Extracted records

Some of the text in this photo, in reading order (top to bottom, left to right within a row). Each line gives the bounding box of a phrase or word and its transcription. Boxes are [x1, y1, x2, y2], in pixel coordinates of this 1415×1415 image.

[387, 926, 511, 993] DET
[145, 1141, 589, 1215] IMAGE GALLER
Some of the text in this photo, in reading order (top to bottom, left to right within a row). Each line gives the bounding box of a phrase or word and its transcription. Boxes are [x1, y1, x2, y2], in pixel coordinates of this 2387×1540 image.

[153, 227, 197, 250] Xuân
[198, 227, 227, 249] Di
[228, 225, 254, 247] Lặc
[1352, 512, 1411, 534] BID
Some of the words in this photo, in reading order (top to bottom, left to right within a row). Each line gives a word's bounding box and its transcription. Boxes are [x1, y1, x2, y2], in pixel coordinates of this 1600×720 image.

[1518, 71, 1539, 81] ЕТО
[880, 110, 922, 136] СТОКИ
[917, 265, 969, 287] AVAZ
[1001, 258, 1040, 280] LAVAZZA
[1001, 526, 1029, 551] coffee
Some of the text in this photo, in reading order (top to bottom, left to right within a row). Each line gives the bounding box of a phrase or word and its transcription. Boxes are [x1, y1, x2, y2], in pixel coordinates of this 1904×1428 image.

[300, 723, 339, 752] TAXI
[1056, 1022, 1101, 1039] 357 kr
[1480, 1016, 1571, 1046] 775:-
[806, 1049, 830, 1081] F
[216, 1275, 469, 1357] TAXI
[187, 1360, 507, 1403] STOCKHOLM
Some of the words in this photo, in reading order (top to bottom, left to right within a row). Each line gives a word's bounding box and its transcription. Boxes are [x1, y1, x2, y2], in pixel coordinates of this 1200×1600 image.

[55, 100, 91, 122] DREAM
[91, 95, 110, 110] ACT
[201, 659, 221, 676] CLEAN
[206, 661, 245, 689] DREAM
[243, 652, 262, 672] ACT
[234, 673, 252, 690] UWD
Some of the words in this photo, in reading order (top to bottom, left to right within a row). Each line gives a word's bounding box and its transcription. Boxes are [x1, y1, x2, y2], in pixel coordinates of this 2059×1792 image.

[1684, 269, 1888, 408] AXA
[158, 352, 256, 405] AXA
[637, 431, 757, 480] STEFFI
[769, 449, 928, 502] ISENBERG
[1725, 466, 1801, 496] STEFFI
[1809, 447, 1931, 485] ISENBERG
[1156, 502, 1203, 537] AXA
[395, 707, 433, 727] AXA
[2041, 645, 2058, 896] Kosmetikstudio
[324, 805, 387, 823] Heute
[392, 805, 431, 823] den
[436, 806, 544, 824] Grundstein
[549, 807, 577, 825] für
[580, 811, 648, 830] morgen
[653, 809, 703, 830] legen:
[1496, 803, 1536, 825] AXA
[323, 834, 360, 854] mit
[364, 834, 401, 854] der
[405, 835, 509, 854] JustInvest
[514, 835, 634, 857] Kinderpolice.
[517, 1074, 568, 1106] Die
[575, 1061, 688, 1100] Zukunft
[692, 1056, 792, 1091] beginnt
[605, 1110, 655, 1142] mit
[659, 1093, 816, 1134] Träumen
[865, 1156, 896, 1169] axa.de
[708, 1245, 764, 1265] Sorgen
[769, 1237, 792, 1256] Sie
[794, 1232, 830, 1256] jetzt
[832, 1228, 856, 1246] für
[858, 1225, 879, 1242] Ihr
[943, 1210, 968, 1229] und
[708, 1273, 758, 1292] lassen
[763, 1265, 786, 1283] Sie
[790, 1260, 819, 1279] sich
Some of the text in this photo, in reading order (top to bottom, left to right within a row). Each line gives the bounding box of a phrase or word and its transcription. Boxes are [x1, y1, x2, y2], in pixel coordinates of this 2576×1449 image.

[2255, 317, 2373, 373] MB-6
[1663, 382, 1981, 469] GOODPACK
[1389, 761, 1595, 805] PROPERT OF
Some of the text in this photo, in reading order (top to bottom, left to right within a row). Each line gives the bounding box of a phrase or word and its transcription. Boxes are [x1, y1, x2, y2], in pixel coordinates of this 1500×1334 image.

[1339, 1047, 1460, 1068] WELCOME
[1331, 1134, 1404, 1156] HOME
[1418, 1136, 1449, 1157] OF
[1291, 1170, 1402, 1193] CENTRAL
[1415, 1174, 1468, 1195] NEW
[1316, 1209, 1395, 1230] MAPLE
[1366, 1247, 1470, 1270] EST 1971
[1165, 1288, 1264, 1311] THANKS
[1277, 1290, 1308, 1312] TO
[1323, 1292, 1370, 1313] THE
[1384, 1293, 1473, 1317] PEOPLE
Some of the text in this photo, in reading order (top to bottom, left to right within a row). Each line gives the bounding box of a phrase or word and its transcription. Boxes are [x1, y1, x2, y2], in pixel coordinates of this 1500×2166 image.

#### [TASK STATEMENT]
Write out every entry exactly as given.

#### [ANSWER TO THIS PROBLEM]
Some of the text in this photo, in reading order (top to bottom, left to right within a row). Each line gives the bounding box of a phrase or word and its transcription. Boxes are [x1, y1, x2, y2], in pixel coordinates of this 1415×1415 image.

[387, 926, 511, 993] DET
[145, 1141, 589, 1215] IMAGE GALLER
Some of the text in this photo, in reading order (top to bottom, left to right within a row). Each line gives the bounding box of a phrase or word and its transcription. Boxes are [x1, y1, x2, y2], in pixel coordinates of this 2387×1540 image.

[153, 227, 197, 250] Xuân
[198, 227, 227, 249] Di
[228, 225, 254, 247] Lặc
[1352, 512, 1411, 534] BID
Some of the words in this photo, in reading order (top to bottom, left to right within a row). Each line gives a word's bounding box and its transcription. Boxes are [x1, y1, x2, y2], in pixel coordinates of this 1600×720 image.

[1518, 71, 1539, 81] ЕТО
[880, 110, 922, 136] СТОКИ
[917, 265, 969, 287] AVAZ
[1001, 258, 1040, 280] LAVAZZA
[1001, 526, 1029, 551] coffee
Some of the text in this photo, in reading order (top to bottom, left to right within a row). Each line gives the bounding box of a phrase or word and its transcription. Boxes are [x1, y1, x2, y2], in pixel coordinates of this 1904×1428 image.

[300, 723, 339, 752] TAXI
[1056, 1022, 1101, 1039] 357 kr
[1480, 1016, 1571, 1046] 775:-
[806, 1049, 830, 1081] F
[216, 1275, 469, 1357] TAXI
[187, 1360, 507, 1403] STOCKHOLM
Some of the words in this photo, in reading order (top to bottom, left to right within a row). Each line gives a word's bounding box and its transcription. Boxes are [x1, y1, x2, y2], in pixel coordinates of this 1200×1600 image.

[55, 100, 91, 122] DREAM
[91, 95, 110, 110] ACT
[201, 659, 221, 676] CLEAN
[206, 661, 245, 689] DREAM
[243, 652, 262, 672] ACT
[234, 673, 252, 690] UWD
Some of the words in this photo, in reading order (top to bottom, left to right within a row). Each line gives a word's bounding box and its transcription. Boxes are [x1, y1, x2, y2], in pixel coordinates of this 2059×1792 image.

[1684, 269, 1888, 408] AXA
[158, 352, 256, 405] AXA
[637, 431, 757, 480] STEFFI
[769, 449, 928, 502] ISENBERG
[1725, 466, 1801, 496] STEFFI
[1809, 447, 1931, 485] ISENBERG
[1156, 502, 1203, 537] AXA
[395, 707, 433, 727] AXA
[2041, 645, 2058, 896] Kosmetikstudio
[324, 805, 387, 823] Heute
[392, 805, 431, 823] den
[436, 806, 544, 824] Grundstein
[549, 807, 577, 825] für
[580, 811, 648, 830] morgen
[653, 809, 703, 830] legen:
[1496, 803, 1536, 825] AXA
[323, 834, 360, 854] mit
[364, 834, 401, 854] der
[405, 835, 509, 854] JustInvest
[514, 835, 634, 857] Kinderpolice.
[517, 1074, 568, 1106] Die
[575, 1061, 688, 1100] Zukunft
[692, 1056, 792, 1091] beginnt
[605, 1110, 655, 1142] mit
[659, 1093, 816, 1134] Träumen
[865, 1156, 896, 1169] axa.de
[708, 1245, 764, 1265] Sorgen
[769, 1237, 792, 1256] Sie
[794, 1232, 830, 1256] jetzt
[832, 1228, 856, 1246] für
[858, 1225, 879, 1242] Ihr
[943, 1210, 968, 1229] und
[708, 1273, 758, 1292] lassen
[763, 1265, 786, 1283] Sie
[790, 1260, 819, 1279] sich
Some of the text in this photo, in reading order (top to bottom, left to right within a row). Each line gives the bounding box of a phrase or word and its transcription. Boxes are [x1, y1, x2, y2], in pixel coordinates of this 2576×1449 image.

[2255, 317, 2373, 373] MB-6
[1663, 382, 1981, 469] GOODPACK
[1389, 761, 1595, 805] PROPERT OF
Some of the text in this photo, in reading order (top to bottom, left to right within a row). Each line gives the bounding box of a phrase or word and its transcription. Boxes are [x1, y1, x2, y2], in pixel coordinates of this 1500×1334 image.

[1339, 1047, 1460, 1068] WELCOME
[1331, 1134, 1404, 1156] HOME
[1418, 1136, 1449, 1157] OF
[1291, 1170, 1402, 1193] CENTRAL
[1415, 1174, 1468, 1195] NEW
[1316, 1209, 1395, 1230] MAPLE
[1366, 1247, 1470, 1270] EST 1971
[1165, 1288, 1264, 1311] THANKS
[1277, 1290, 1308, 1312] TO
[1323, 1292, 1370, 1313] THE
[1384, 1293, 1473, 1317] PEOPLE
Some of the text in this photo, in reading order (top to bottom, left to right within a row). Each line gives the bounding box of a phrase or word and its transcription. Boxes are [x1, y1, x2, y2], in pixel coordinates of this 1500×2166 image.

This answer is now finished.